■ **Work instruction**: This task is to restate all of the entries exactly.

(Excerpts from a dataset)
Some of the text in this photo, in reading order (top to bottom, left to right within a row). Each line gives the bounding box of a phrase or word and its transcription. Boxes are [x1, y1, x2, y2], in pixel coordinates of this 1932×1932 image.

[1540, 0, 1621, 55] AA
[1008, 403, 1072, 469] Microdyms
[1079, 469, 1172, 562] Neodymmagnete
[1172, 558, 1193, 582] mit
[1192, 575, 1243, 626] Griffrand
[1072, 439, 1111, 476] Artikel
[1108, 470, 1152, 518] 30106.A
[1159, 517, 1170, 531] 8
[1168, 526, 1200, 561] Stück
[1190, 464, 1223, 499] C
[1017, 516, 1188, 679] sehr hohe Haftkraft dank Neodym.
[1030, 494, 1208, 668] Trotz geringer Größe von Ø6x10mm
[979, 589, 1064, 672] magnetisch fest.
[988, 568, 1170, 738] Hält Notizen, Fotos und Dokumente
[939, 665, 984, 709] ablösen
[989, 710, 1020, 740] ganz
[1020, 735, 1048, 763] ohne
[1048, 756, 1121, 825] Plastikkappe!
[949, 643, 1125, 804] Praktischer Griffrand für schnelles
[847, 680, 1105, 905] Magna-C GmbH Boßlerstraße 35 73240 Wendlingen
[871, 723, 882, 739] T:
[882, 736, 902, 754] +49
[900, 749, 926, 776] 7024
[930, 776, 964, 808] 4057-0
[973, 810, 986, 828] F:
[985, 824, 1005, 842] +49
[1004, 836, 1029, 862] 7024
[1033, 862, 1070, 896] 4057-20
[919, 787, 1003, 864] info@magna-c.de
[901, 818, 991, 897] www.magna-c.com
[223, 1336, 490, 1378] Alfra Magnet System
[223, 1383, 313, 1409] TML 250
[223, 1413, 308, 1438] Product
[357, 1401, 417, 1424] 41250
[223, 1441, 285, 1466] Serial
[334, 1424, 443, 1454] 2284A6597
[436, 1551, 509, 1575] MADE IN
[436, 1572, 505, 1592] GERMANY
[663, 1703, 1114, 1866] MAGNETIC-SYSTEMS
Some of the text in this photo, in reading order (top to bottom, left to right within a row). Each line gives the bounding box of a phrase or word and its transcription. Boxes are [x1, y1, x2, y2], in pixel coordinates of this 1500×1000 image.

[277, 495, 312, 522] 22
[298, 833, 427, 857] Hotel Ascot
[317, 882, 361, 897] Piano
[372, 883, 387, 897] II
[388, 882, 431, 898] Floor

■ **Solution**:
Some of the text in this photo, in reading order (top to bottom, left to right within a row). Each line gives the bounding box of a phrase or word and its transcription. Boxes are [x1, y1, x2, y2], in pixel coordinates of this 1932×1932 image.

[1540, 0, 1621, 55] AA
[1008, 403, 1072, 469] Microdyms
[1079, 469, 1172, 562] Neodymmagnete
[1172, 558, 1193, 582] mit
[1192, 575, 1243, 626] Griffrand
[1072, 439, 1111, 476] Artikel
[1108, 470, 1152, 518] 30106.A
[1159, 517, 1170, 531] 8
[1168, 526, 1200, 561] Stück
[1190, 464, 1223, 499] C
[1017, 516, 1188, 679] sehr hohe Haftkraft dank Neodym.
[1030, 494, 1208, 668] Trotz geringer Größe von Ø6x10mm
[979, 589, 1064, 672] magnetisch fest.
[988, 568, 1170, 738] Hält Notizen, Fotos und Dokumente
[939, 665, 984, 709] ablösen
[989, 710, 1020, 740] ganz
[1020, 735, 1048, 763] ohne
[1048, 756, 1121, 825] Plastikkappe!
[949, 643, 1125, 804] Praktischer Griffrand für schnelles
[847, 680, 1105, 905] Magna-C GmbH Boßlerstraße 35 73240 Wendlingen
[871, 723, 882, 739] T:
[882, 736, 902, 754] +49
[900, 749, 926, 776] 7024
[930, 776, 964, 808] 4057-0
[973, 810, 986, 828] F:
[985, 824, 1005, 842] +49
[1004, 836, 1029, 862] 7024
[1033, 862, 1070, 896] 4057-20
[919, 787, 1003, 864] info@magna-c.de
[901, 818, 991, 897] www.magna-c.com
[223, 1336, 490, 1378] Alfra Magnet System
[223, 1383, 313, 1409] TML 250
[223, 1413, 308, 1438] Product
[357, 1401, 417, 1424] 41250
[223, 1441, 285, 1466] Serial
[334, 1424, 443, 1454] 2284A6597
[436, 1551, 509, 1575] MADE IN
[436, 1572, 505, 1592] GERMANY
[663, 1703, 1114, 1866] MAGNETIC-SYSTEMS
Some of the text in this photo, in reading order (top to bottom, left to right within a row). Each line gives the bounding box of a phrase or word and its transcription. Boxes are [x1, y1, x2, y2], in pixel coordinates of this 1500×1000 image.

[277, 495, 312, 522] 22
[298, 833, 427, 857] Hotel Ascot
[317, 882, 361, 897] Piano
[372, 883, 387, 897] II
[388, 882, 431, 898] Floor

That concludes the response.